Music

After 70 years, Air Force Band of the Pacific waves goodbye to Alaska

Senior Master Sgt. Gail Tucker's office is scattered with trophies and books stacked in haphazard piles where shelves used to be, as she prepares to shut down operations of the longest serving military unit in continuous active duty in Alaska, the Band of the Pacific.

Pointing to a white board with the names of her band members and their departure dates, she had already erased the names of three members who have left.

Her name is the last on the list. "It's going to be very quiet," she said.

What is lost in the band's deactivation is a mission to engage Alaska's diverse community, educating kids and an experience for band members that Tucker, a clarinetist, called "phenomenal."
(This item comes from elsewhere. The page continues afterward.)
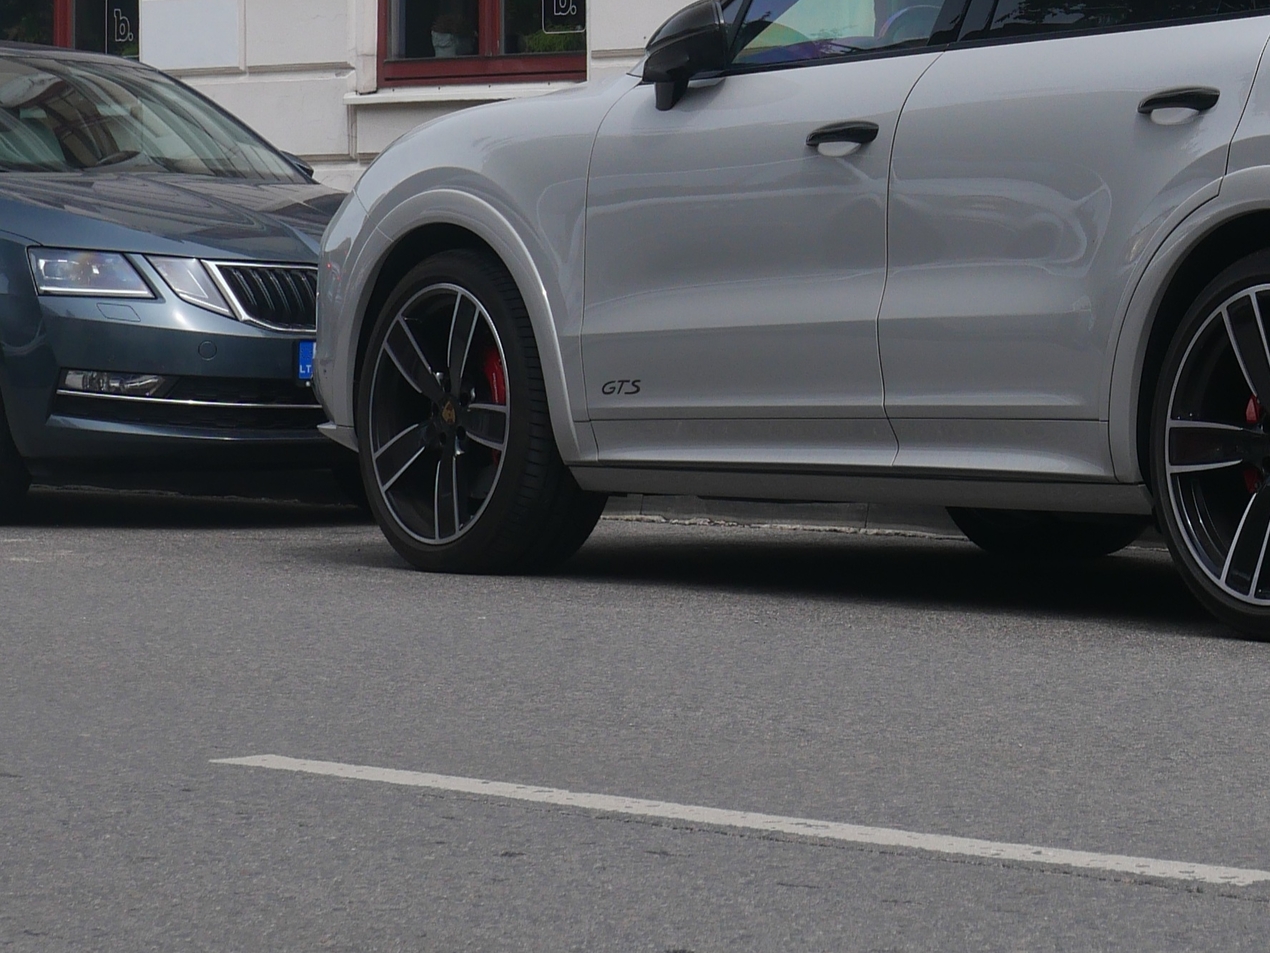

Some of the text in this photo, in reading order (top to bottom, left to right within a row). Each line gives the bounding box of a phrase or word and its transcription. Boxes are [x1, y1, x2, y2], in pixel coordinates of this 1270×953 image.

"It's a shame to see this mission go away (in Alaska). It's unlike anywhere else that I've ever been, and I've been all around," she said.

The Band of the Pacific -- Alaska's only Air Force band -- first formed in 1941 and officially designated in 1943, has been deactivated due to budget cuts and its members reassigned across the U.S. The Band of the Pacific is a unit existing in three parts in Alaska, Japan and Hawaii. Tucker's unit reorganized a year ago, and it sent its entire jazz band -- 14 of the band's 30 members -- to be stationed in Japan, where she said there is a great appreciation of jazz music. Left behind were the rock band, "Top Cover," and "Alaska Brass," the brass quintet. Now, they've all been reassigned. Alaska Brass played its last show on June 1.

Although not related to the federal spending cuts known as the sequester, military budget cuts in the past several years prompted the Chief of Staff of the Air Force to reexamine where dollars were flowing, and cutting band positions was a part of that process.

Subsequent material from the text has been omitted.